I tried implementing the same code in Racket using pict and do not see the slowdown or unresponsiveness. Below is the code I ran in Racket. But note that I also did not see the unresponsiveness with a single minimized Rhombus file.

#lang racket

(require pict)

(define (empty-scene x y) (rectangle x y))

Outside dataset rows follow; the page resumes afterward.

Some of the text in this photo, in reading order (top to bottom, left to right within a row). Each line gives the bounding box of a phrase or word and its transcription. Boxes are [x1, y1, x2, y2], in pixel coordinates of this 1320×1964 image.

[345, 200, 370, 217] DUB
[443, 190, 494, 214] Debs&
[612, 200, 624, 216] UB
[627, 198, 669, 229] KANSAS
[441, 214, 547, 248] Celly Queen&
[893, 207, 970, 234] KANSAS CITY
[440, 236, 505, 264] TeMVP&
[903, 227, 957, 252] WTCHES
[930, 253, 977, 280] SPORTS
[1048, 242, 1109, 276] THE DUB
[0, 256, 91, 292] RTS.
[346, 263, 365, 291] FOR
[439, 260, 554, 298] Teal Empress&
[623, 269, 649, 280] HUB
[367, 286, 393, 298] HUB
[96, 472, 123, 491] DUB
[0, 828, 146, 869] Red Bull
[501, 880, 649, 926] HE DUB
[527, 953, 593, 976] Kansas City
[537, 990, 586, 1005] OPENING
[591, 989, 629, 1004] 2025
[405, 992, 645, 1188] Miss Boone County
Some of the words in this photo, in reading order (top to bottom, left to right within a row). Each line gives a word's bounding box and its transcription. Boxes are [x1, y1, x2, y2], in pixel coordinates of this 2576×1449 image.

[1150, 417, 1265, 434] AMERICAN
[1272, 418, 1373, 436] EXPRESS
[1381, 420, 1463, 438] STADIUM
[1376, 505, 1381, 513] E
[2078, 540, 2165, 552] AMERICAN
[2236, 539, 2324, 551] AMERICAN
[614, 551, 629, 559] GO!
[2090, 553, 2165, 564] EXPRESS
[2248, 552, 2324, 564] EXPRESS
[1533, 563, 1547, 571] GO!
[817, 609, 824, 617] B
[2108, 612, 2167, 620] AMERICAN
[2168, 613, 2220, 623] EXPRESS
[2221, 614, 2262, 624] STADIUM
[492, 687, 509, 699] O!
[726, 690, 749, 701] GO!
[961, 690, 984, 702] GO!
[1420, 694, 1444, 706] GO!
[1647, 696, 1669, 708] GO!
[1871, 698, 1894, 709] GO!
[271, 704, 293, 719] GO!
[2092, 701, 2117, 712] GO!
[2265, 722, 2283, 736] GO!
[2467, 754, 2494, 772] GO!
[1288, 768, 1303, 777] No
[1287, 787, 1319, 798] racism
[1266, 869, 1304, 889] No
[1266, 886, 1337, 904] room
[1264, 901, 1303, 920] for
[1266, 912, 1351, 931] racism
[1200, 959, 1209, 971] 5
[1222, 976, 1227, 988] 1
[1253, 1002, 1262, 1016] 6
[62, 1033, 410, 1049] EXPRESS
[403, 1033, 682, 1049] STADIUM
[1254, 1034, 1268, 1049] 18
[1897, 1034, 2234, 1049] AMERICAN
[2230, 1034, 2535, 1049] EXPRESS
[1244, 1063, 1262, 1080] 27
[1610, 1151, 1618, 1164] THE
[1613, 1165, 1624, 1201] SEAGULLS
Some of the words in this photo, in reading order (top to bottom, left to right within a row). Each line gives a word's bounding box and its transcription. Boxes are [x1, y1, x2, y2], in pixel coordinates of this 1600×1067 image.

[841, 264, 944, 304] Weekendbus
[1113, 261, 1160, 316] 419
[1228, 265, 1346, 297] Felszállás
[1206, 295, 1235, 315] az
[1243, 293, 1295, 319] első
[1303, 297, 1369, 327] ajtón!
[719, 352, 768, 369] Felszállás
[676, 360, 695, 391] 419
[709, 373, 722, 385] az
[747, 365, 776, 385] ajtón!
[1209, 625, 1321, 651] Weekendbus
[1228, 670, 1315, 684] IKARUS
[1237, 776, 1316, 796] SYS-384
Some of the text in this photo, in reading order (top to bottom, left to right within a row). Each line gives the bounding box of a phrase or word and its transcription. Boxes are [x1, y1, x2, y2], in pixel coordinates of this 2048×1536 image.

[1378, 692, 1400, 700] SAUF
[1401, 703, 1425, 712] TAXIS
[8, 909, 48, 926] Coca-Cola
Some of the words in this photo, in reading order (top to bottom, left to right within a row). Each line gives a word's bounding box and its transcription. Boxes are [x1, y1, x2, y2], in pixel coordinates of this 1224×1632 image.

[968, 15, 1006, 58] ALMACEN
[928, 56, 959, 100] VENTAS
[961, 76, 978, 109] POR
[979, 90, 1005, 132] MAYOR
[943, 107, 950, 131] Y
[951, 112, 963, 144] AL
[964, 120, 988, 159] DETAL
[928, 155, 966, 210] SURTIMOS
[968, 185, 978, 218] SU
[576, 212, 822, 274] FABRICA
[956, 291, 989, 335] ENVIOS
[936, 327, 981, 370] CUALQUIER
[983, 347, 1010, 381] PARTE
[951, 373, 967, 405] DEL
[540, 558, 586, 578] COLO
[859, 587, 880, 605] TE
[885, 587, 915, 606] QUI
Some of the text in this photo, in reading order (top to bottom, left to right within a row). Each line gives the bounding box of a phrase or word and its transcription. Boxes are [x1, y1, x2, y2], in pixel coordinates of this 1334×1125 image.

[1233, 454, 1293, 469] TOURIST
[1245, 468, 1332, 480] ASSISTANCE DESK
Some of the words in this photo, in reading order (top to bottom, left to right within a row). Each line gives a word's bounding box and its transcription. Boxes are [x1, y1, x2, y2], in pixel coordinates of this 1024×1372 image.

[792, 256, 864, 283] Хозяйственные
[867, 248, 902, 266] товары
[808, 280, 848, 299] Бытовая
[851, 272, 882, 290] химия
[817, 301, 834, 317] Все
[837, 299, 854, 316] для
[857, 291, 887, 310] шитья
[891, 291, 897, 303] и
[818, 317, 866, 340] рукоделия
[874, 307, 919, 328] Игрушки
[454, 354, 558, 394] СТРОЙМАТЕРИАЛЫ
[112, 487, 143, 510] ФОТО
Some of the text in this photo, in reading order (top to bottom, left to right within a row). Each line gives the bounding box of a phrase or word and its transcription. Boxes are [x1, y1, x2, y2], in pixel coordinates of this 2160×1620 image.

(define (scene+line i x1 y1 x2 y2 c)
  (define l (pip-line (- x2 x1) (- y2 y1) 1))
  (pin-over i x1 y1 l))
; A Trip is [ListOf Step]

; A Step is one of:
; - (make-draw Number)
; - (make-turn Number)
; - (make-fork Trip)
; *Interpretation*: angle is how many degrees to turn left (counterclockwise)
(define-struct draw [distance] #:transparent)
(define-struct turn [angle] #:transparent)
(define-struct fork [child] #:transparent)

           

; A Turtle is (make-turtle Number Number Number)
; *Interpretation*: dir=0 faces east,
;                   dir=90 faces north,
;                   dir=180 faces west,
;                   dir=270 faces south
(define-struct turtle [x y dir] #:transparent)

(define (move s k)
  (cond [(draw? s)
         (make-turtle (+ (turtle-x k)
                         (* (draw-distance s)
                            (cos (turtle-rad k))))
                      (- (turtle-y k)
                         (* (draw-distance s)
                            (sin (turtle-rad k))))
                      (turtle-dir k))]
        [(turn? s)
         (make-turtle (turtle-x k)
                      (turtle-y k)
                      (+ (turtle-dir k) (turn-angle s)))]
        [(fork? s) k]))

(define (draw-step s k i)
  (cond [(draw? s)
         (scene+line i
                     (turtle-x k)
                     (turtle-y k)
                     (turtle-x (move s k))
                     (turtle-y (move s k))
                     "black")]
        [(turn? s) i]
        [(fork? s) (draw-trip (fork-child s) k i)]))

(define (draw-trip t k i)
  (cond [(empty? t) i]
        [(cons? t)
         (draw-trip (rest t)
                    (move (first t) k)
                    (draw-step (first t) k i))]))
(define (turtle-rad k)
  (* (turtle-dir k) (/ pi 180)))




; generate-koch : Number -> Trip
; Generate a Koch curve that overall moves forward by the given distance
; *Termination*: Dividing distance by 3 repeatedly makes it < 1 eventually
(define (generate-koch distance)
  (cond [(< distance 1)
         (list (make-draw distance))]
        [else
         (append (generate-koch (/ distance 3))
                 (list (make-turn 60))
                 (generate-koch (/ distance 3))
                 (list (make-turn -120))
                 (generate-koch (/ distance 3))
                 (list (make-turn 60))
                 (generate-koch (/ distance 3)))]))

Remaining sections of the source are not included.